Geoblocking and Proxy Configurations
One consequence of spending time in Denmark is that certain web services are inaccessible due to geo-blocking. To work around this, I configured Firefox to use a proxy that forwards traffic through an SSH tunnel to a server located in Germany. The setup was somewhat cumbersome, but it worked. I repeated the process, configuring the Safari web browser to use a proxy connected through an SSH tunnel to the same server in Germany.

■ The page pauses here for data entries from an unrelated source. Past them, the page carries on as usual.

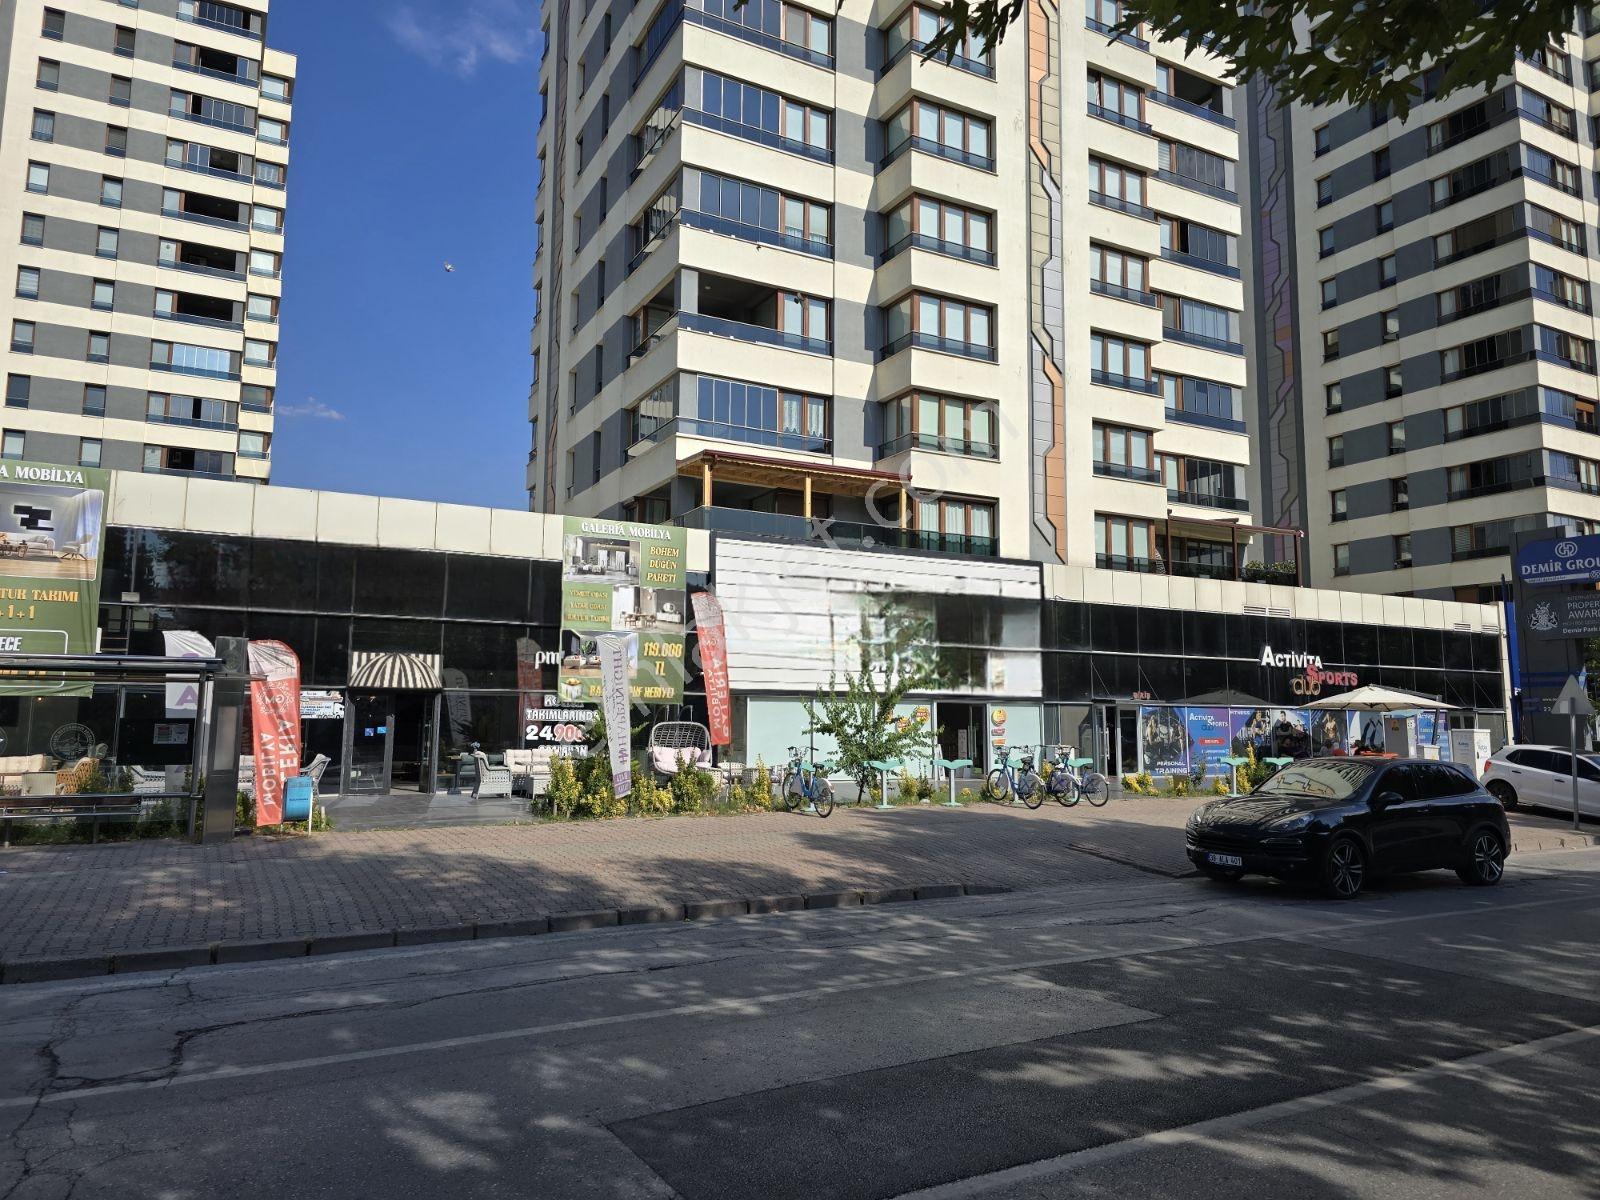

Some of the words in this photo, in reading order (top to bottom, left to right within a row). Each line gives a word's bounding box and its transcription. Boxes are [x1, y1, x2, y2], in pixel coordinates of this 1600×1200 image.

[15, 466, 84, 484] MOBİLYA
[650, 546, 679, 558] BOHEM
[1522, 560, 1562, 575] DEMİR
[654, 661, 666, 677] TL
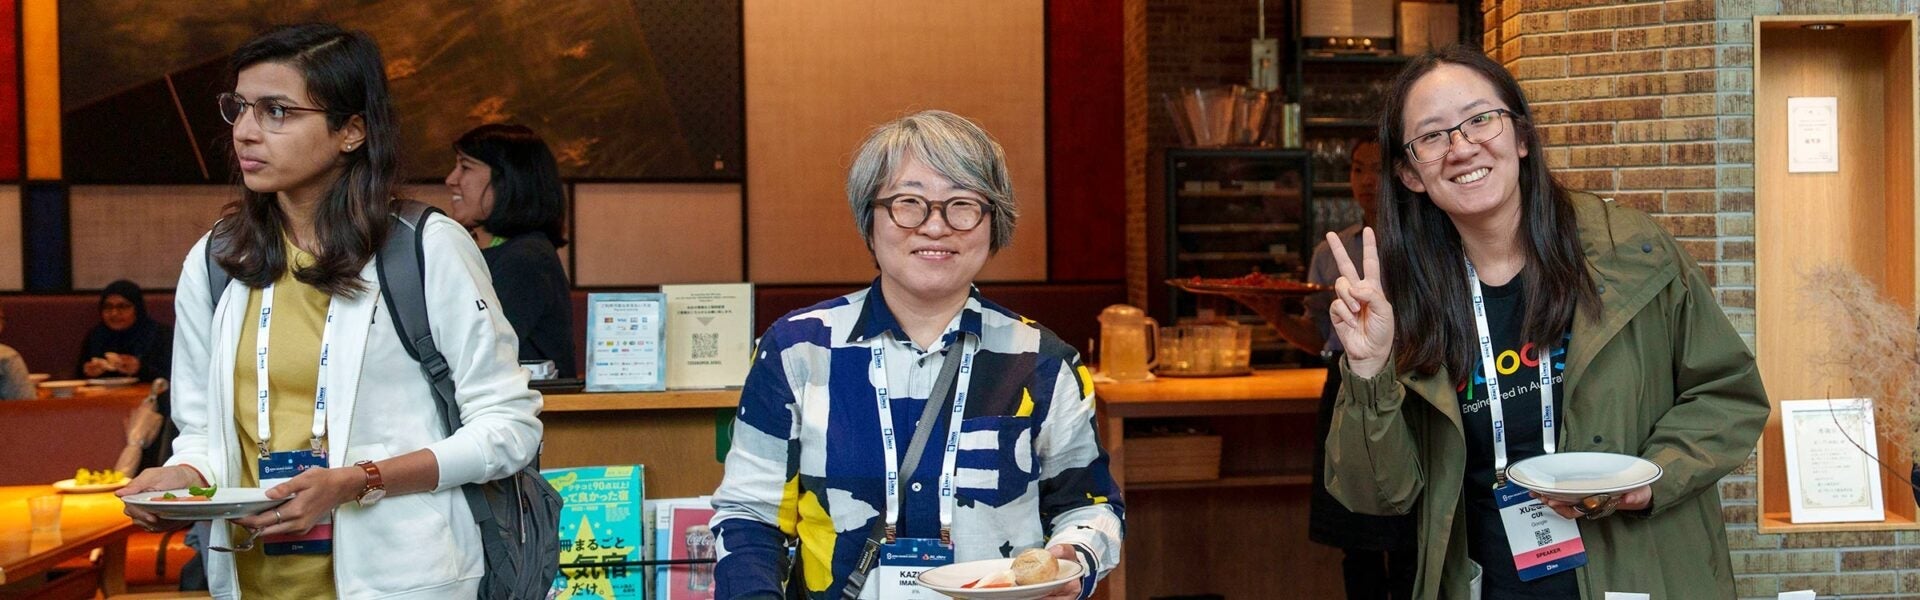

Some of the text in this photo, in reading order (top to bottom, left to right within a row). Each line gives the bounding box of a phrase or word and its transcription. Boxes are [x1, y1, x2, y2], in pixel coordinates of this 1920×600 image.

The next day, long after the SSH tunnel had been shut down, strange problems started to appear. I could no longer establish a VPN connection. The VPN client would briefly display an authentication window, only for it to disappear immediately. Thunderbird stopped synchronizing via IMAP (but good old mutt still worked like a charm). MacOS notified me that some software updates were available, but the App Store responded with nothing more than a cryptic error message. I also ran into issues accessing several work-related services through Firefox. None of the failing applications provided helpful error messages. I consulted some AI systems but the suggestions were hardly more useful than reboot your computer.
I suspected that something was wrong with my work-related authentication infrastructure. While that theory could not explain every symptom, it seemed like a plausible starting point. I kept digging and eventually discovered the real culprit.
Unlike Firefox, where proxy settings apply only to the browser itself, configuring a proxy in Safari actually modifies the system-wide network settings in macOS. As a result, any application relying on macOS networking services attempted to use the proxy I had configured the day before. Since the SSH tunnel was no longer running, the proxy had become nonfunctional, causing a wide range of seemingly unrelated failures. Once I removed the system-wide proxy configuration, everything immediately sprang back to life.
There are two lessons to learn here: First, changing a setting within an application should not silently create a system-wide configuration change. Safari’s proxy settings may technically behave as designed, but the fact that configuring a proxy in the browser actually modifies OS-level network settings is far from obvious and was certainly not what I expected. Second, poor error reporting remains a surprisingly common problem in modern software. Nearly every affected application failed in its own peculiar way, yet none provided enough information to identify the root cause. Instead, I was left piecing together clues from a collection of unrelated symptoms.
What surprised me most was how poorly macOS 26.5 handled the situation. A stale proxy configuration effectively broke a wide range of applications services, but the operating system offered little indication of what was wrong or where to look for the problem.